Nous avons survécu au bain de sang de Kolwezi
Deux Témoins de Jéhovah missionnaires ont survécu à l’épreuve, mais ils ont subi une perte tragique.
TOUT paraissait normal en cette soirée du vendredi 12 mai, alors que nous regagnions notre maison de missionnaires. Nous résidions à Kolwezi, cité minière située dans le sud de la province du Shaba, au Zaïre. C’était une ville agréable, qui comptait 120 000 habitants, dont 4 000 étrangers, employés pour la plupart dans les mines de cuivre exploitées à proximité. Le cuivre constitue en effet la ressource principale du Zaïre. Nous étions bien loin de penser que les événements des prochaines heures feraient la une des journaux du monde entier et qu’ils entraîneraient pour nous une perte qui marquerait le reste de notre existence.
Le lendemain, samedi 13 mai, un crépitement rompit le silence du petit matin, nous réveillant en sursaut. Nous nous sommes d’abord demandé ce qui se passait, puis, le cœur battant, nous avons compris qu’il s’agissait de rafales de mitraillettes et de coups de fusil. Qu’était-ce donc? Un putsch militaire? Une attaque des rebelles? Les coups de feu se rapprochèrent, puis les balles se mirent à siffler autour de la maison, certaines allant se loger avec un bruit mat dans le tronc des grands arbres de la cour.
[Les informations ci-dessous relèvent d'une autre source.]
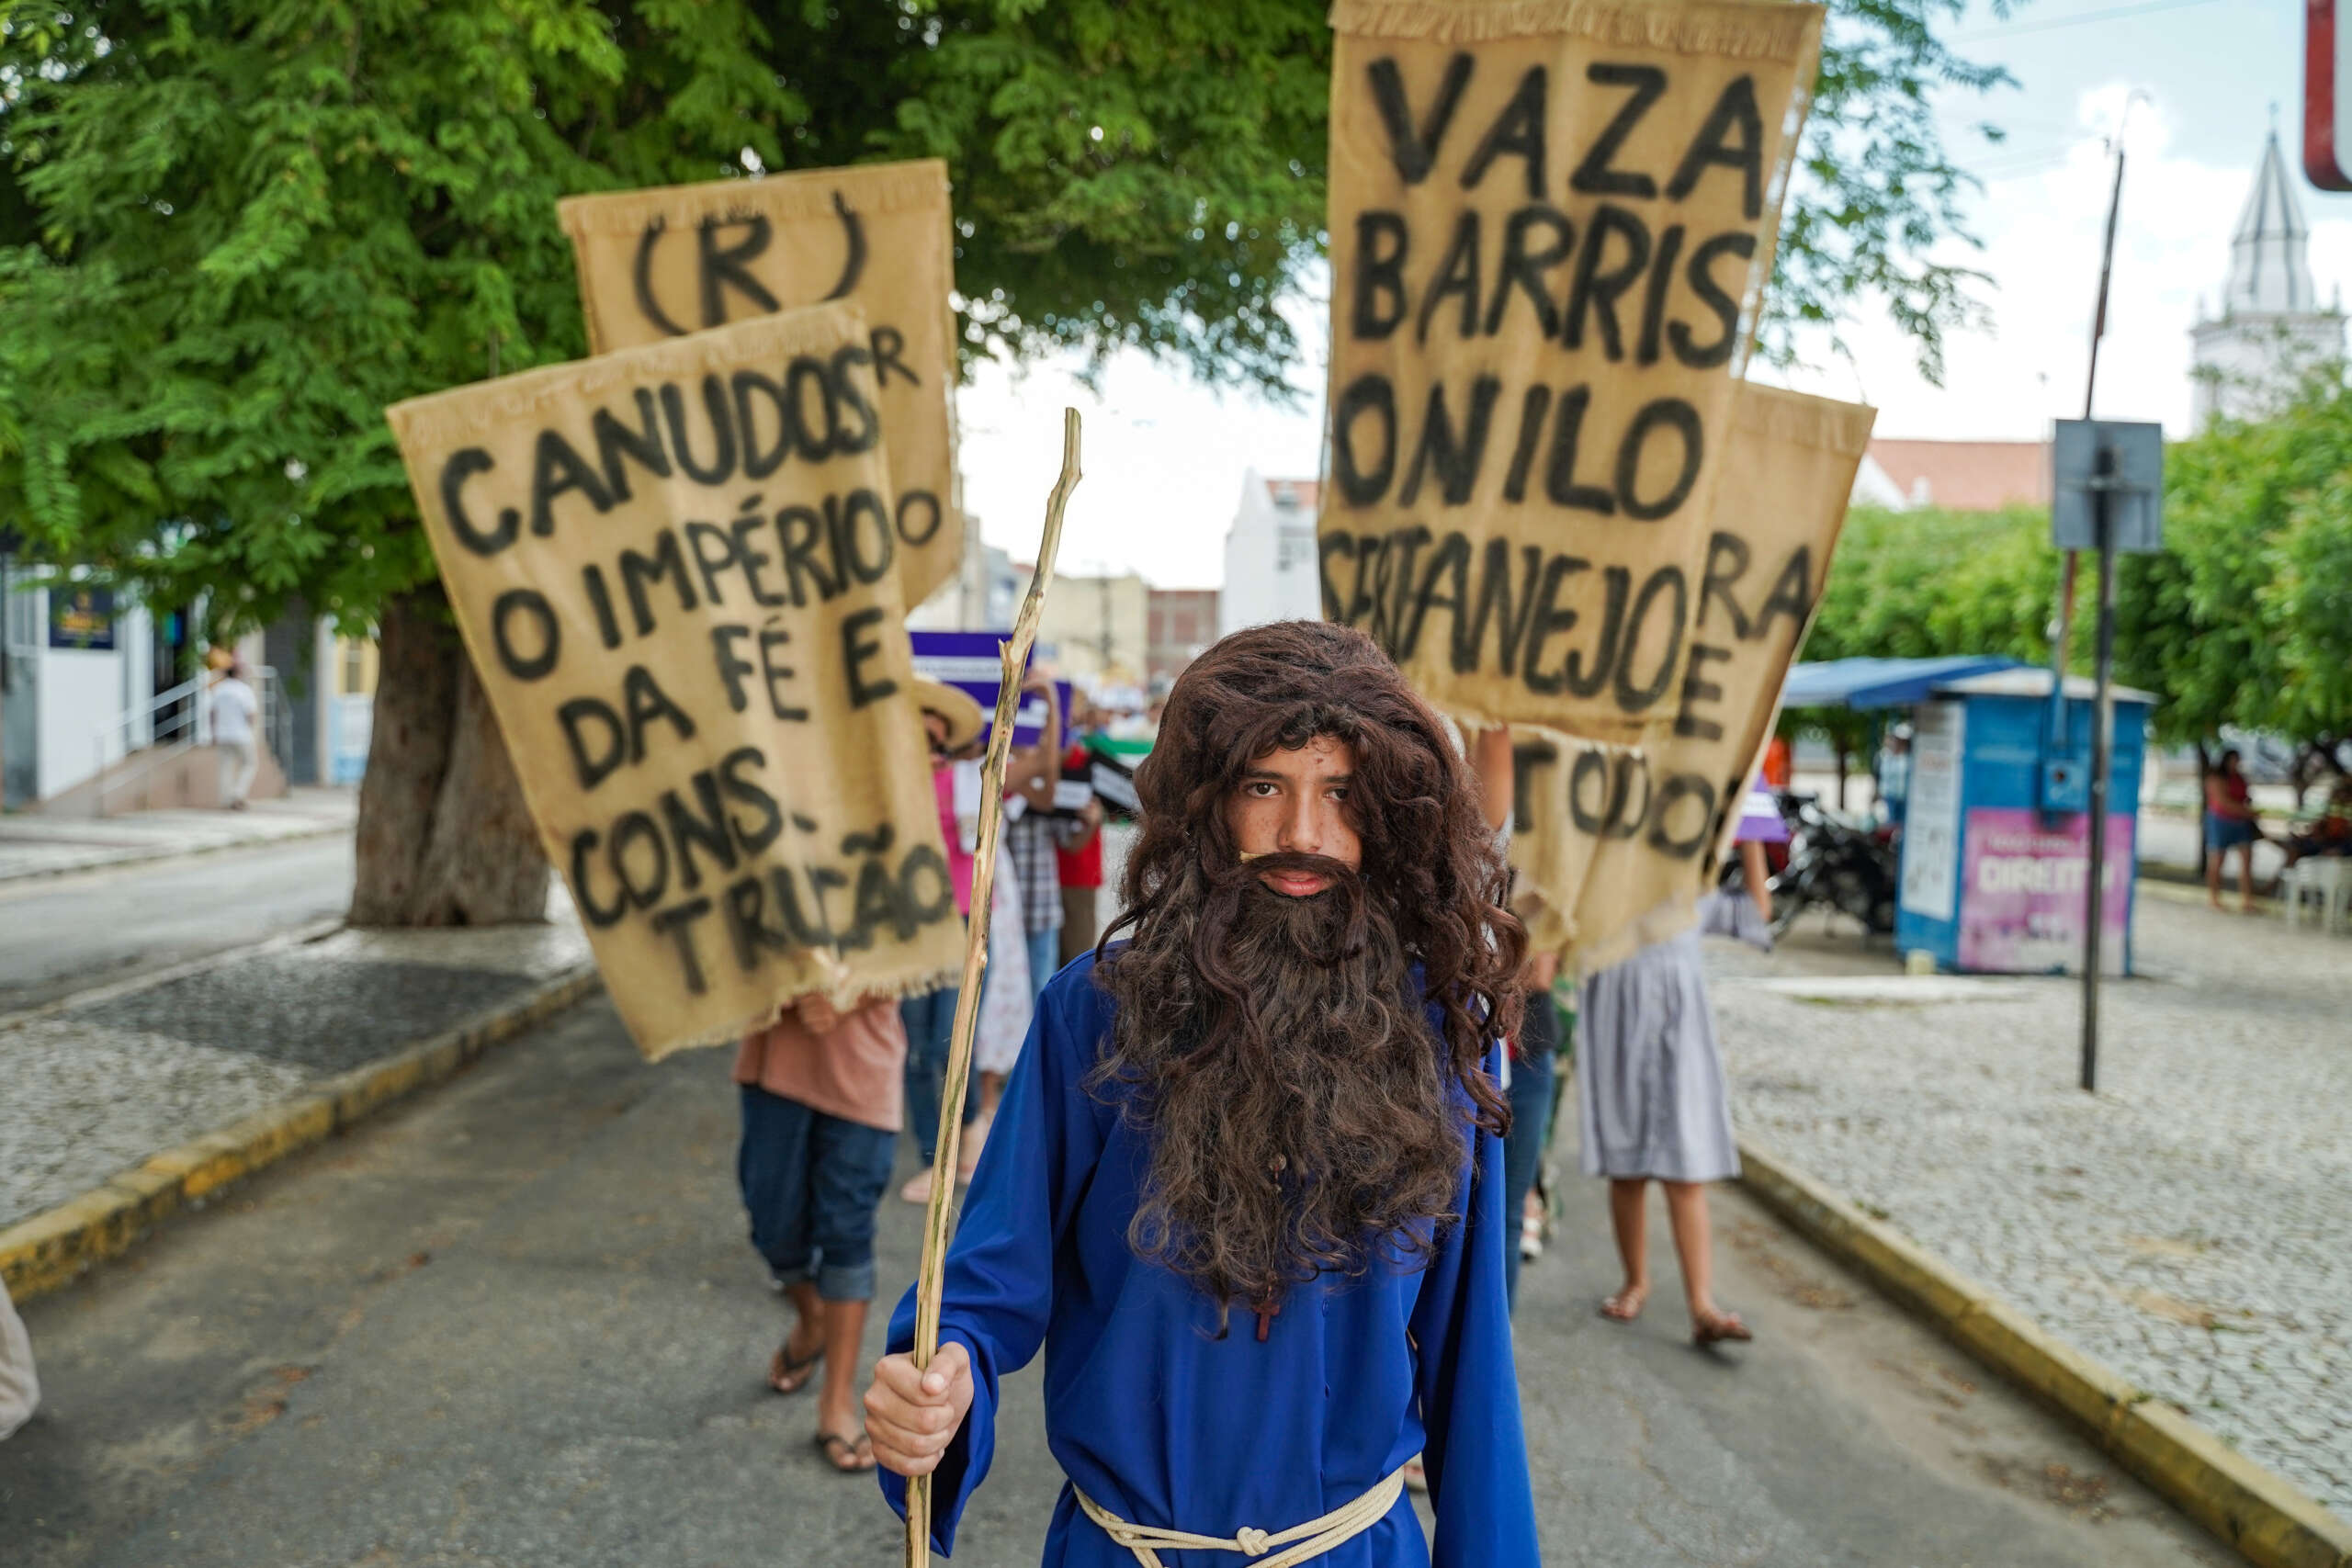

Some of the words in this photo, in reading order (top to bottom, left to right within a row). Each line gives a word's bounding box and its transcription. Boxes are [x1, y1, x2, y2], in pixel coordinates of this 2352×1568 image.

[1367, 51, 1763, 220] VAZA
[1351, 204, 1758, 367] BARRIS
[440, 345, 881, 558] CANUDOS
[492, 588, 561, 682] O
[582, 491, 896, 651] IMPÉRIO
[557, 665, 696, 792] DA
[711, 615, 809, 722] FÉ
[842, 606, 899, 710] E
Vite, nous avons rempli d’eau la baignoire et fait cuire du pain, en prévision d’éventuelles coupures d’eau et d’électricité. On entendait des voix fortes dans la rue. Par une fente de la porte du garage, nous jetâmes un coup d’œil vers le portail: un groupe de soldats chargés de lourds sacs à dos passait devant la maison. Ils s’exprimaient en souahéli. S’agissait-il des mêmes rebelles que les Katangais qui avaient déjà attaqué l’année dernière la province du Shaba (ex-Katanga)? En général, ils parlent souahéli, alors que les troupes gouvernementales parlent le lingala. L’objectif des Katangais est de s’emparer de ce qu’ils estiment être leur province, ou tout au moins d’imposer par la force un changement de gouvernement central.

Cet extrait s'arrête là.